Until 2005, bartenders in South Carolina were required by law to use mini-bottles of alcohol to mix drinks, lending the state’s saloons a reputation for making waste, and for making customers wasted. .
Of the rules governing alcohol that remain on the books, some of the most extreme are known as “blue laws,” which outlaw certain “secular” activities on Sunday . The term, according to some historians, comes from the color of the paper used to print New Haven, Conn.’s first decrees. Others believe it refers to blue’s use as an 18th-century slang term for “rigidly moral.” If you were a settler in the 1700s, Sunday was a day to rest and honoring the Sabbath, nothing less and nothing more. It wasn’t just alcoholic beverages that were forbidden; if you cut your hair, picked up a broom, or even kissed your kid, you were in violation of blue laws and could be subject to fines, whippings and righteous scorn from both the pulpit and the public.

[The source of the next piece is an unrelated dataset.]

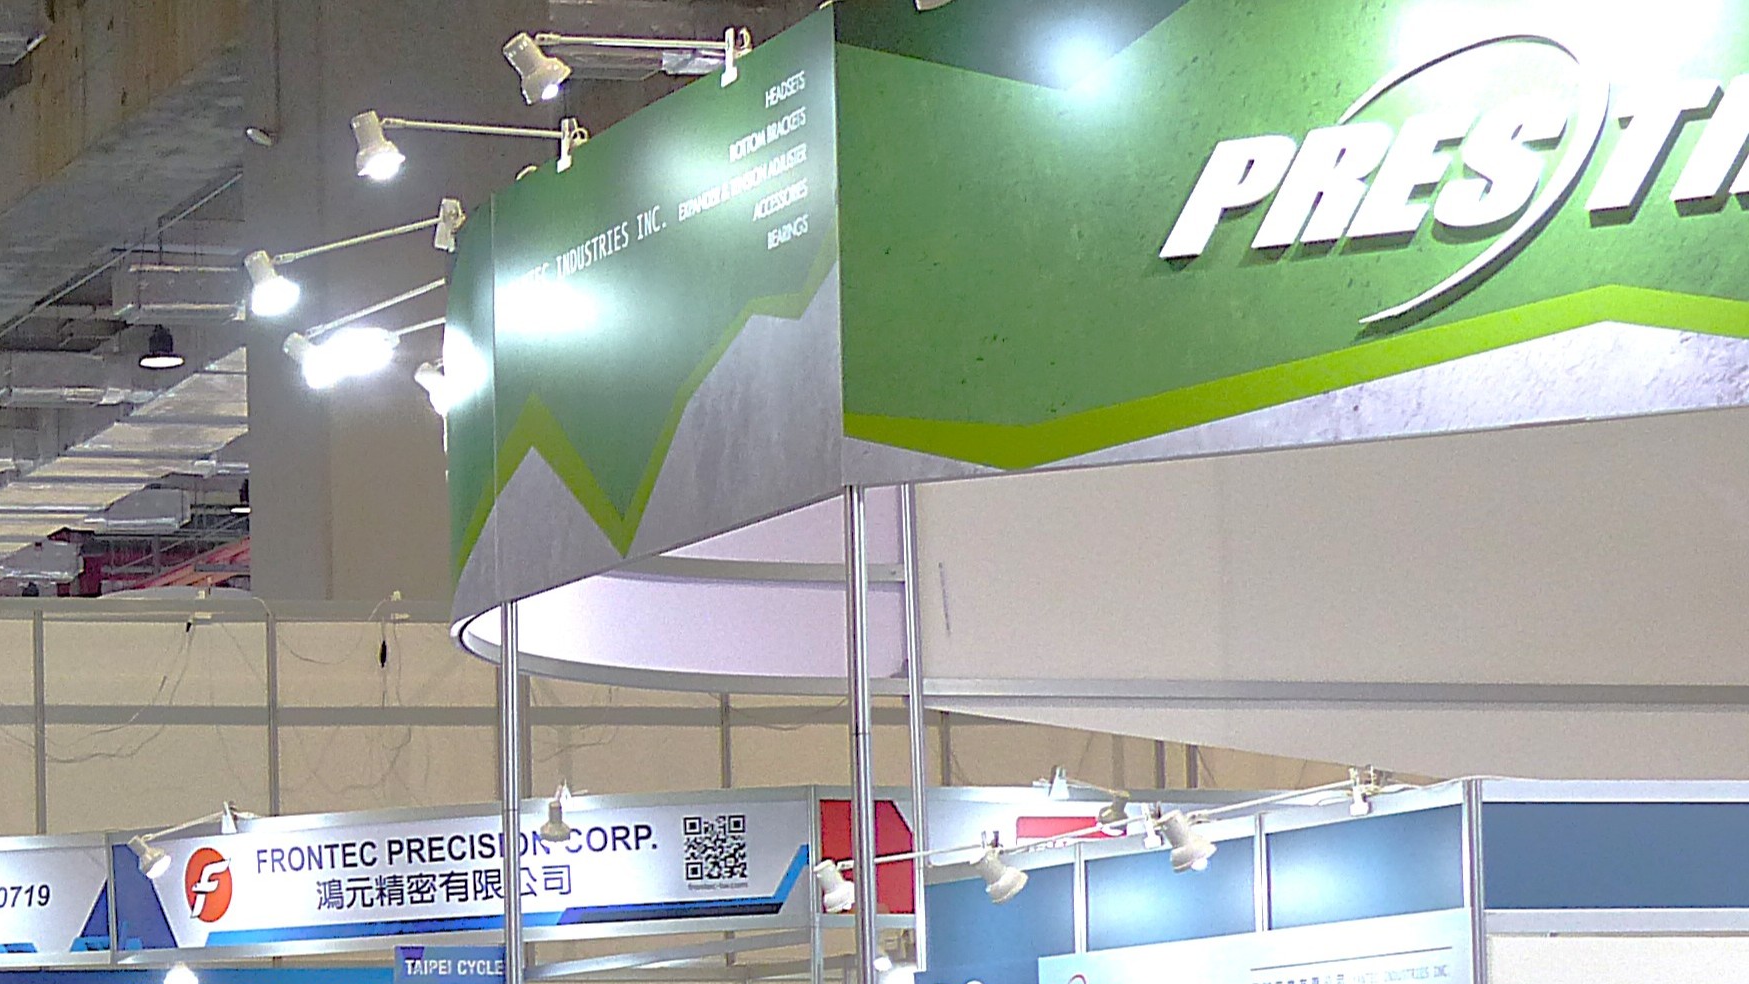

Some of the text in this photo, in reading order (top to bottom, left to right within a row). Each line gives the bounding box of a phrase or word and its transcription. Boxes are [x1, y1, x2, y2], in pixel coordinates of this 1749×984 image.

While most blue laws faded into obscurity after the Revolutionary War, the temperance movement of the 1930s renewed interest in banning the Devil’s Brew and reclaiming Sunday as a holy day, especially in Bible Belt states like Kansas. In 1961, the Supreme Court ruled that states had the right to impose blue laws, but only if lawmakers could come up with a rationale that wasn’t rooted in religion. Explaining the court’s ruling, Chief Justice Earl Warren wrote that Sunday is a “time for family activity, for late sleeping, for passive and active entertainments, for dining out and the like,” apparently overlooking those Americans for whom “passive and active entertainments” involve cracking open a cold one.
Spurred by a budget crunch in 2002, Oregon became the first state to repeal its blue laws banning Sunday liquor sales. Thanks to the recession, a slew of states are weighing whether to fall off the Sunday wagon, including Texas, Georgia, Connecticut and Alabama. Utah, though, is not one of them.
Read “Will the Recession Doom the Last Sunday Blue Laws”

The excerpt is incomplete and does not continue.